Hora de subir

Minha mãe estudava à noite e tínhamos que subir (morávamos em prédio) às 18h, antes do horário dela sair. Era uma infelicidade porque, naquele horário, muitas crianças ainda podiam continuar brincando lá fora e nós que nos contentássemos em invejar seus gritos de felicidade, do terceiro andar de nosso prédio, enquanto assistíamos “As aventuras de Babar”, “Doug Funny” e o “O mundo de Beckman” pela televisão. Mas o fato é que uma hora os programas infantis acabavam e, então, já se sabe: cabeça de criança vazia, oficina de brincadeiras fadadas ao insucesso.

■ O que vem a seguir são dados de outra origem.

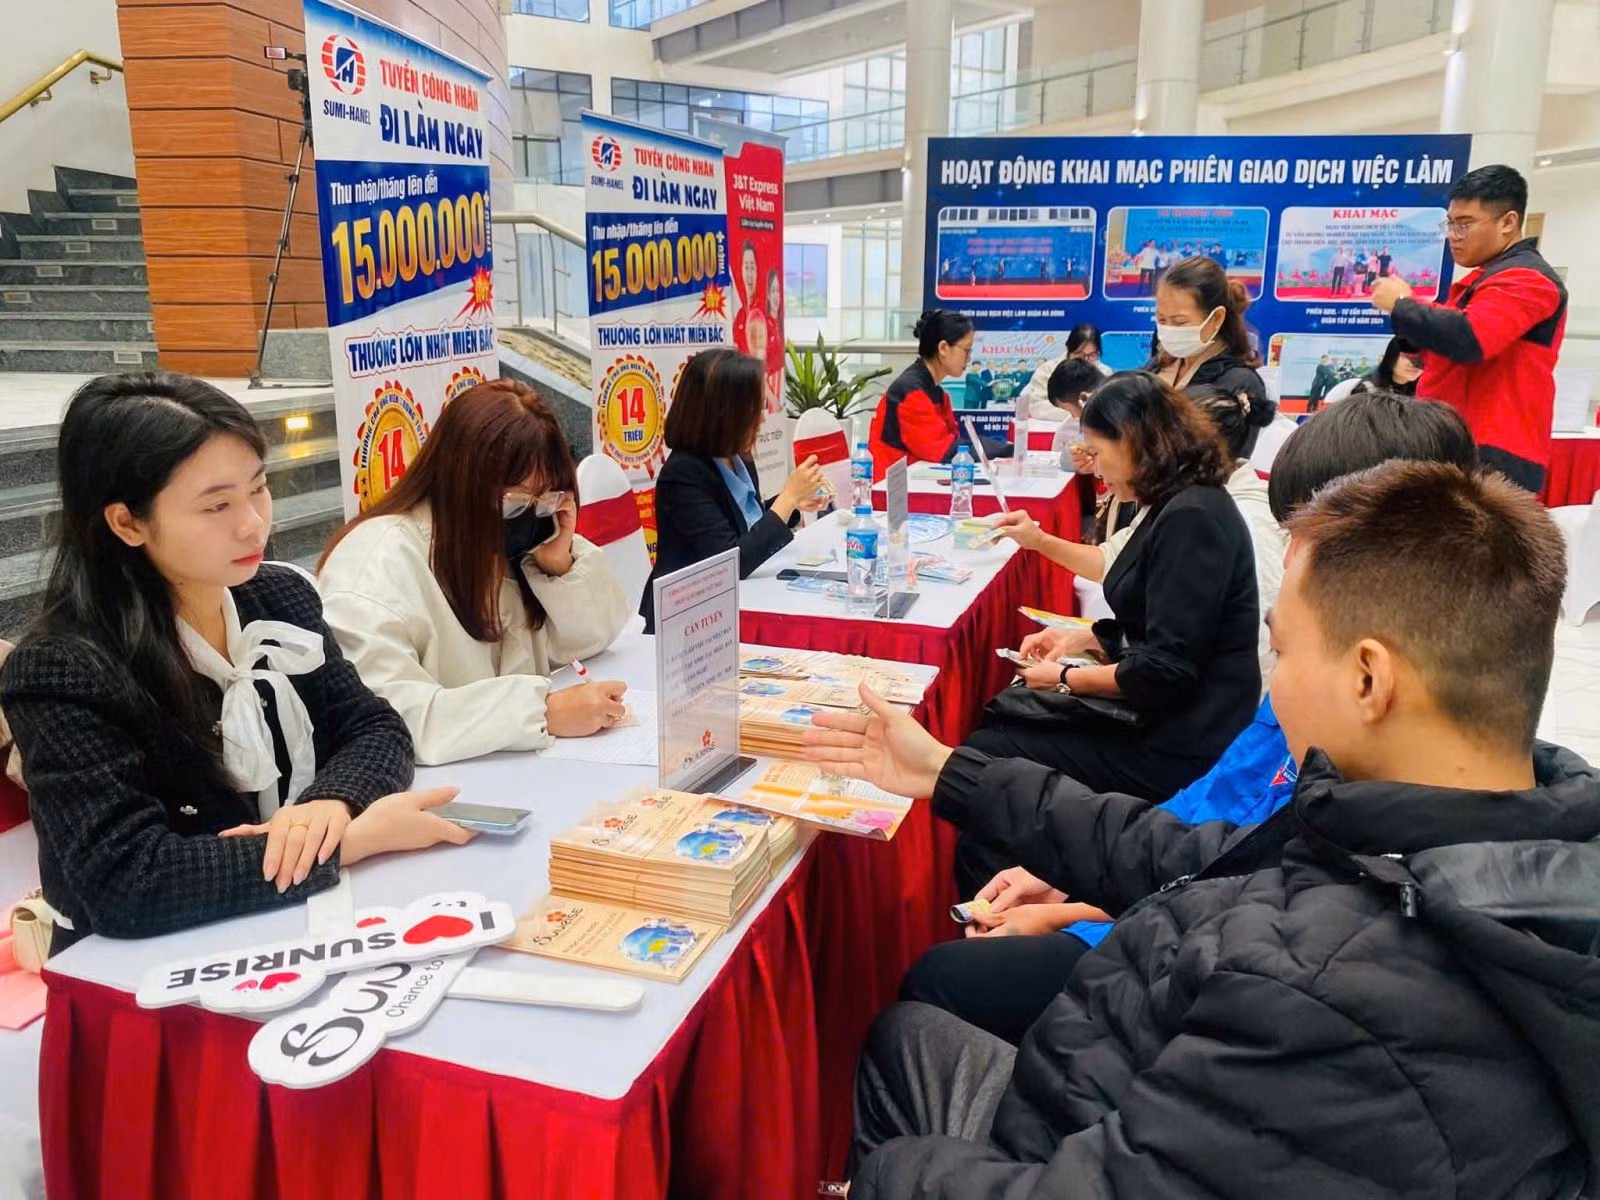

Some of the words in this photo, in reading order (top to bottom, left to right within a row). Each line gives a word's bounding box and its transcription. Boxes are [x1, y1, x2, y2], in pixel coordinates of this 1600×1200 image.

Numa dessas noites, depois de assistir aos programas noturnos, meu irmão e eu calçamos nossos pares de meias e resolvemos brincar de deslizar pelo carpete de madeira super encerado da sala. Pegávamos impulso na corrida de uma ponta do corredor e íamos deslizando até a outra ponta. Cada vez mais rápido. Mais emocionante. Ultrapassando limites! Uma, duas, três... muitas vezes! Até que aconteceu. Nossos olhos arregalaram ao mesmo tempo e meu coração, já acelerado pelas corridas, parecia que ia saltar do peito diante da certeza do que acontecera. Caminhamos até o local da tragédia e lá estava: no piso, faltava um naco de madeira que se enganchara em nossas meias deixando aquela falha que, não havia dúvidas, da porta da sala, sua visão seria mais ágil que seus passos e, antes mesmo de colocar o primeiro pé dentro de casa, ela, nossa mãe, enxergaria. E o sentimento de ansiedade pelo momento em que ela perceberia o estrago no piso ficou de tal forma na minha cabeça, que, confesso, nem me lembro se houve algum tipo de castigo quando ela de fato viu. Embora alguns gritos a gente deve ter escutado. Não tenho dúvidas. Mas disso talvez os vizinhos se lembrem melhor.